Ok keep in mind i’m not very good at poetry so these kinda suck but i wanted to share them. Also a few of them are kinda personal so they might not make sense and they’re very metaphorical (i’ll update this overtime to add more poems if i write them)
Amelia
She’s always been my friend
Poor Amelia, i think
I wouldn’t want to be my friend either
I’m cold and rude, bitter and mean
But yet she still stays with me
Despite everything i say
I think she’d be better without me
She deserves a friend who’s nice, who doesn’t hurt her feelings
But what about me? Do i deserve someone who makes me feel complete?
Adelaide
As i look out through my window i see her
Adelaide, my neighbour
She’s nice, i say, but i wouldn’t want to be her friend
My mum says i should
Since apparently she doesn’t have many
But yet i still don’t want to
Never ever, i say, shaking my head
My mum insists and insists until i can’t say no
I’m stuck with Adelaide now, until she moves away
When are you moving away? I ask her
Never ever, she says, you’re stuck with me now
I cry and cry and beg and beg
But Adelaide just won’t move away
A Bad Dream
A yell of anger, a cry of sadness
A banging door, a dying animal
A motor engine, a slamming brake
A tightening rope, a cackle in the night
Where am i? I ponder as a fall through the lake
You’re in a bad dream, he replies, a bad dream that won’t end
My Place
This place used to be my home
My childhood, my place
But now it’s just a memory
Hidden away inside my heart
I hope one day i’ll be able to come back
Even if i have to wait
I hope one day that he’ll return
I hope one day they’ll all return
But now i’ve just got to wait
Until i can be in my place again
Balloons
I hold my balloons steadily, trying not to make them burst
They’re very fragile and very delicate
I bring my balloons everywhere
To school, to work, to home
When she talks to me they fill up
As if they’re going to burst
I pray that they won’t, since they’re very full
They just keep sloshing around my arms
But soon i snap, when she mentions the future
My balloons pop
And water goes all around the place
I stare at the ground in shock
There’s broken rubber and a puddle
I look at the puddle, my reflection looks back
I’m crying i see, pools of water on my face
Why am i crying? Why can’t i stop?
It’s not a big deal
I’m older now
I should be able to handle this
But i suppose i can’t
I fill up my balloons again and go back to hide
The Flower
I trample through the forest barefoot
I’m looking for a flower i’ve seen, purple and shining
I saw it when i was young, a small memory in my brain
Thorns stab my feet and prickles touch my toes
But i’m desperate to find the flower
Does it even exist anymore along the patch of wilting flowers?

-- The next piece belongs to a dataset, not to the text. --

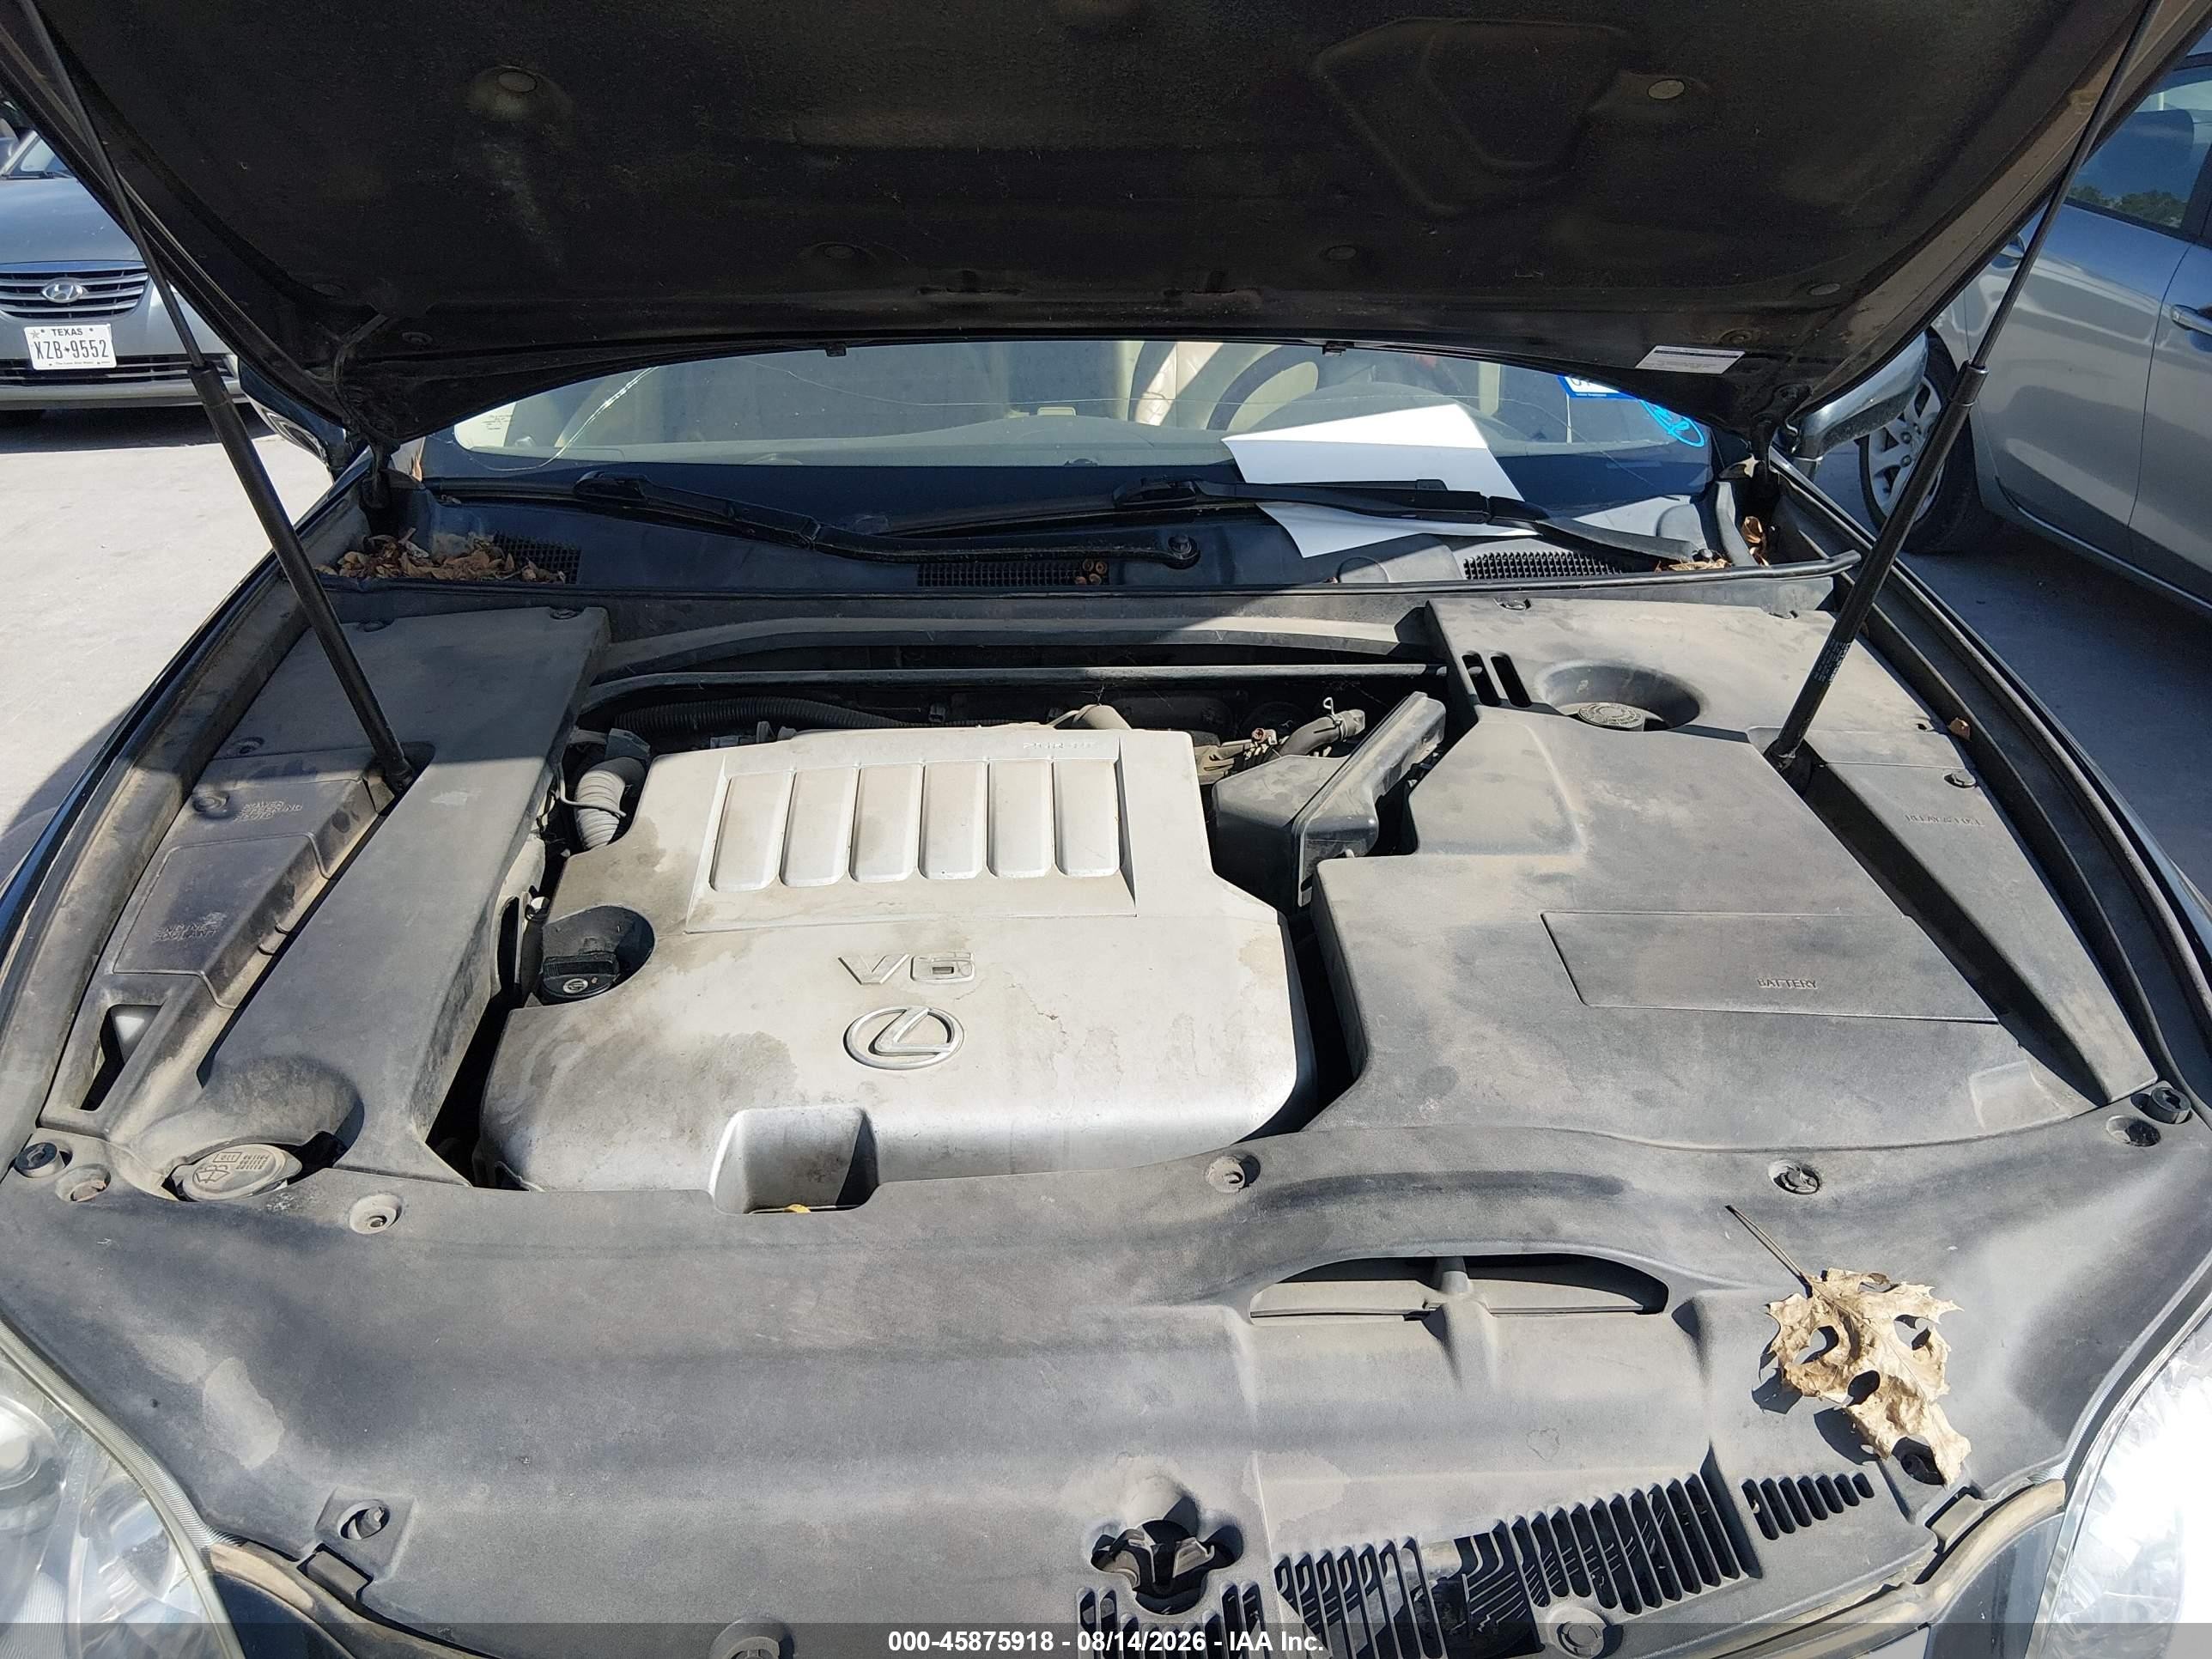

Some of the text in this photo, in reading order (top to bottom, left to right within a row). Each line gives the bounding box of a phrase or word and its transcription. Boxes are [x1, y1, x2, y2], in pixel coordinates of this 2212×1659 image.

[52, 328, 83, 337] TEXAS
[837, 951, 975, 986] V6
[1756, 977, 1819, 990] BATTERY

Surely if i keep looking i’ll find it
Thorns keep stabbing and prickles keep touching
The grass is itchy and the dirt is muddy
But even still i must find the flower
Now i’m walking on dead flowers
Petals and stems all brown
The memory was wrong, there is no flower
Just what remains in the end
The Window
The window stood open and all i had to do was jump
My cat meowed, crying for me
I saw the distant grass that would kill me
The weeds that would grow
More frantic mews cried again, as if begging for me to not go
Who would feed my cat when i jumped?
I gripped the window ceil
Tears streamed down my face
Wouldn’t this be best? Wouldn’t it end my pain?
But would it end others pain, to just see me jump out the window?
The birds chirped as if edging me along
“Do it, jump!” they could’ve cried
Or perhaps maybe “stop, you’ll die!”
I glanced behind my shoulder one final look
My cat’s beady eyes blinked back at me
The question lingered once more, who would feed him?
I sobbed, i couldn’t do it
No one would feed my cat if i jumped
(^ the first line was a prompt i found on pinterest)
Life
Life is just a simulation
Run by your terrible choices
A dumb children could go on to cure cancer or become a drug addict
All that matters is his choices
Your friend could say hi to you in the morning
Does it matter what you reply with?
Would your whole day change because of a sentence?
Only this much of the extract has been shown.